The Morning Passing on El Cajon Blvd
A still from “The Morning Passing on El Cajon Boulevard,” by filmmaker Quyên Nguyen-Le / Photo courtesy of San Diego Asian Film Festival

Lê Thi Diem Thúy’s acclaimed 2003 novel “The Gangster We Are All Looking For” follows a Vietnamese refugee family in San Diego. “Linda Vista, with its rows of yellow houses, is where we eventually washed to shore,” reads the opening line. The book is not only uniquely San Diegan, but it remains a significant work about the Asian immigrant experience nationwide.

And it inspired the filmmakers behind the feature-length film that kicks off the upcoming San Diego Asian Film Festival on Thursday. The film, “The Paradise We Are Looking For” — a collection of linked, short documentaries — borrows from the title and starts with an epigraph from the book to pay homage.

This year marks the 20th anniversary of Pacific Arts Movement’s San Diego Asian Film Festival, and “The Paradise We Are Looking For” is the first time Pac Arts has produced a feature-length film. The four short documentaries included in the collection are distinct and powerful examples of storytelling, with San Diego’s vast and varied communities as a unifying backdrop.
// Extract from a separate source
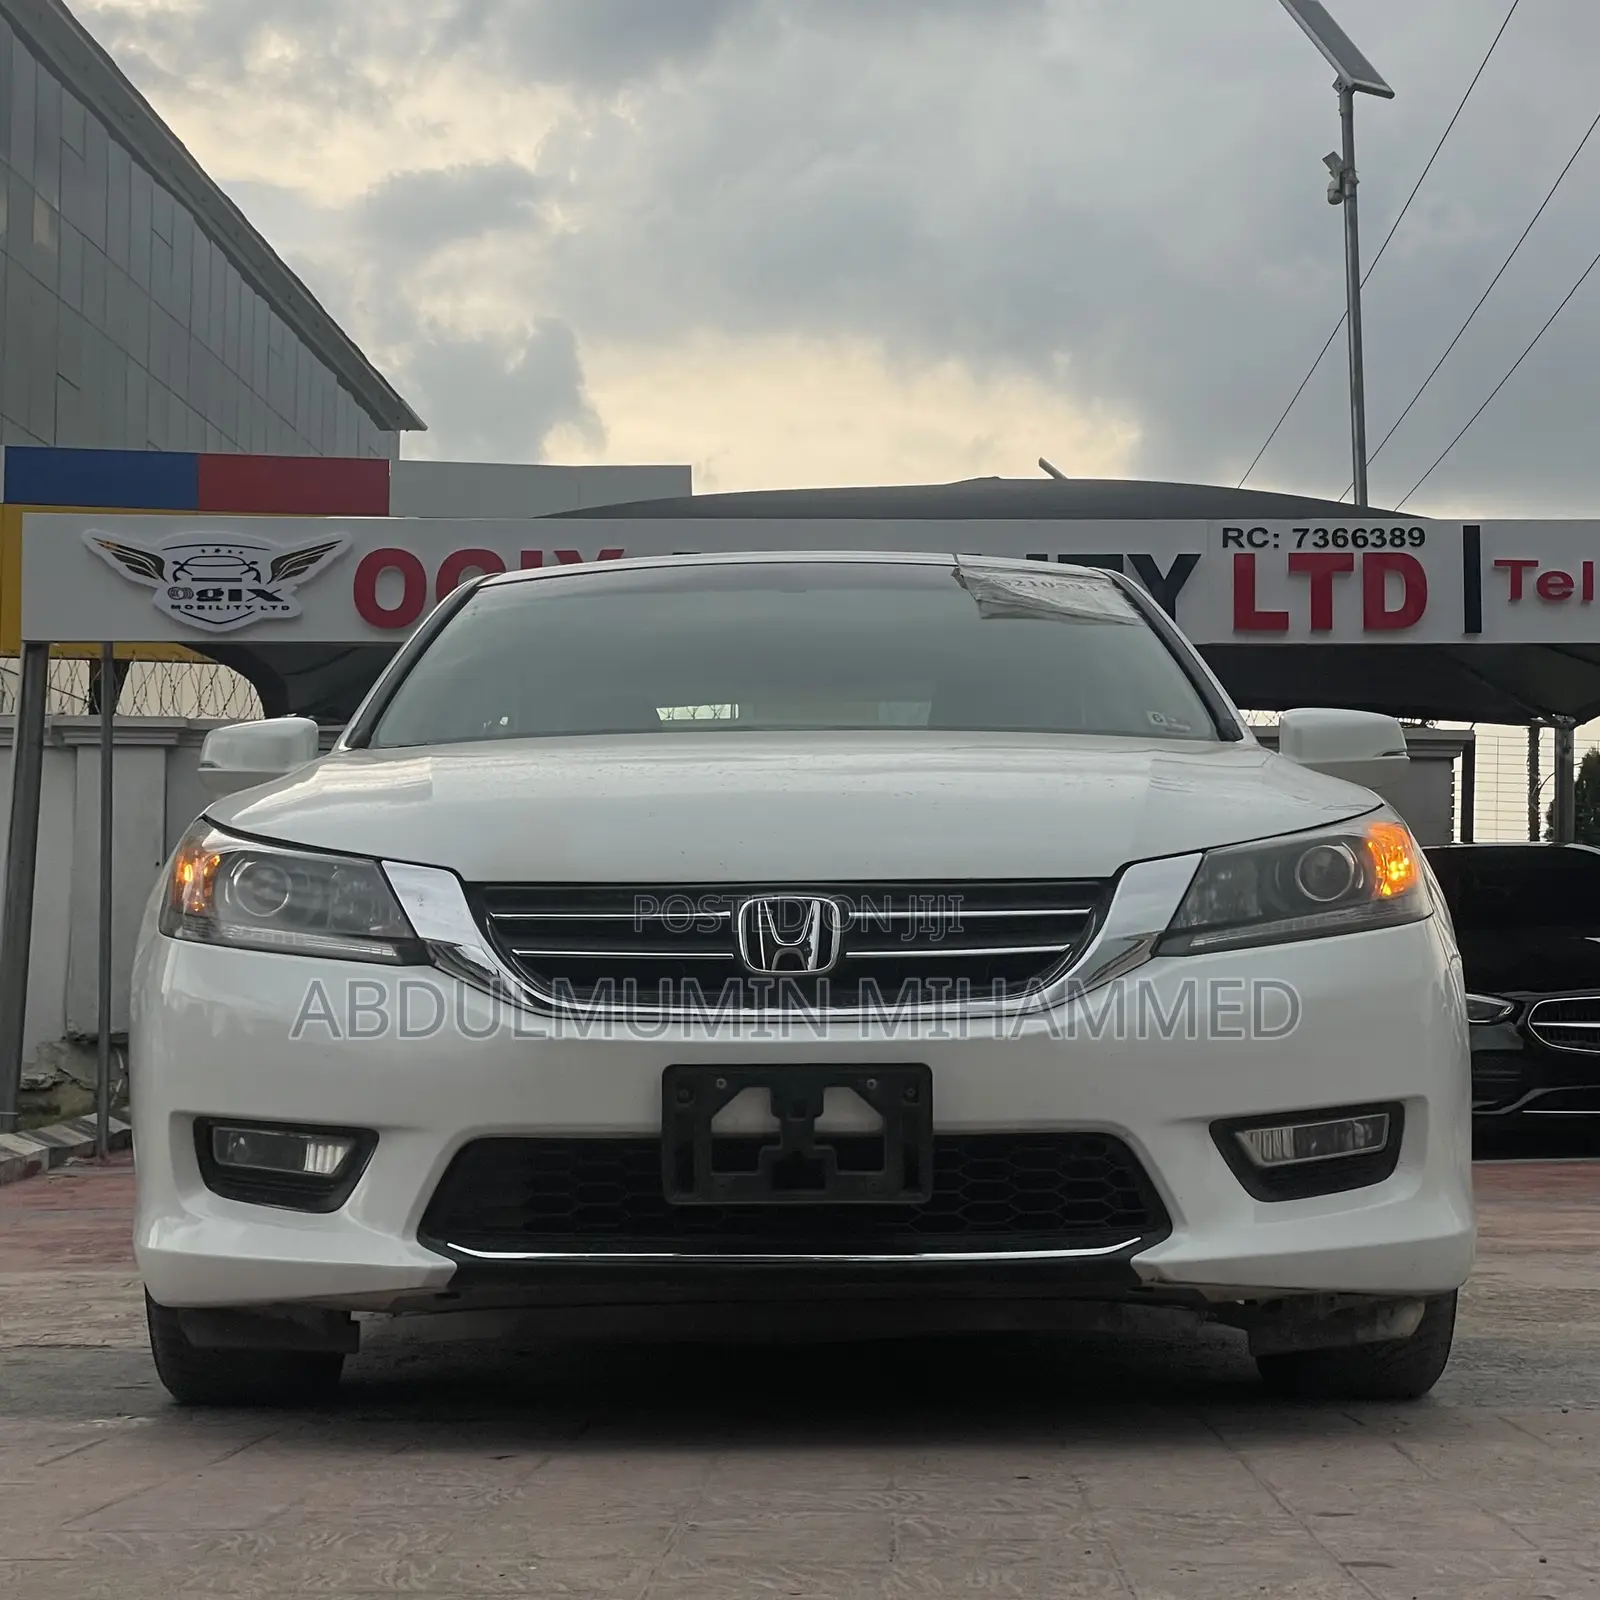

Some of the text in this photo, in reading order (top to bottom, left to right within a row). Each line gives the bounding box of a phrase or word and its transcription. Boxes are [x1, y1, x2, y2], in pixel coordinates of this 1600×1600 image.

[1222, 526, 1427, 549] RC: 7366389
[1233, 552, 1428, 631] LTD
[1493, 559, 1594, 601] Tel
‘The Paradise We Are Looking For’

The Paradise We Are Looking For [1]” opens with Norbert Shieh’s film essay, “Two Miles East,” about the aftermath of 2008 plane crash into a University City home. It’s quiet and somber storytelling: patchwork vignettes of press conferences, the communities affected by the loss, cockpit recordings and the repetition of a vast horizon over the ocean seen from a re-enacted plane. Filmed on the 10th anniversary of the crash last year, it’s a reminder that isolated tragedies can seem intensely personal but have a lasting, broad reach.

The second story, “The Morning Passing on El Cajon Boulevard,” by filmmaker Quyên Nguyen-Le, is an emotional and macabre look at mortuary workers who cater to the specific needs of immigrant and refugee funerals and end-of-life care in City Heights. It follows Julie Tran, a mortuary worker at Goodbody Mortuary, as she navigates her own grief. More than once I felt implicated in (or at the very least spying on) her vulnerability.

Joseph Mangat’s “Bidyoke,” centers on a fluorescent-lit restaurant and karaoke joint (the Gapo) in National City, following the stories of its regulars, many of them immigrants, and many of them in makeshift community. “I sing because it rejuvenates my life,” says one regular, while a 95-year-old man (“The Mayor of The Gapo”) croons in the background. “It’s not just a hobby; it’s what’s keeping me alive.”

Joseph Mangat
A still from “Bidyoke,” by Joseph Mangat / Photo courtesy of San Diego Asian Film Festival

Finally, “Reunion, ‘99,” is R.J. Lozada’s portrayal of memory, hinging around his 20th high school reunion at Montgomery High School (“Our ghetto school: so close to the border, so close to the bases, so close to the beach,” narrates the opening sequence). It’s a moving, relatable and personal look at remembering the experience of high school, and the particulars of being a teenager in the late ‘90s, in the South Bay.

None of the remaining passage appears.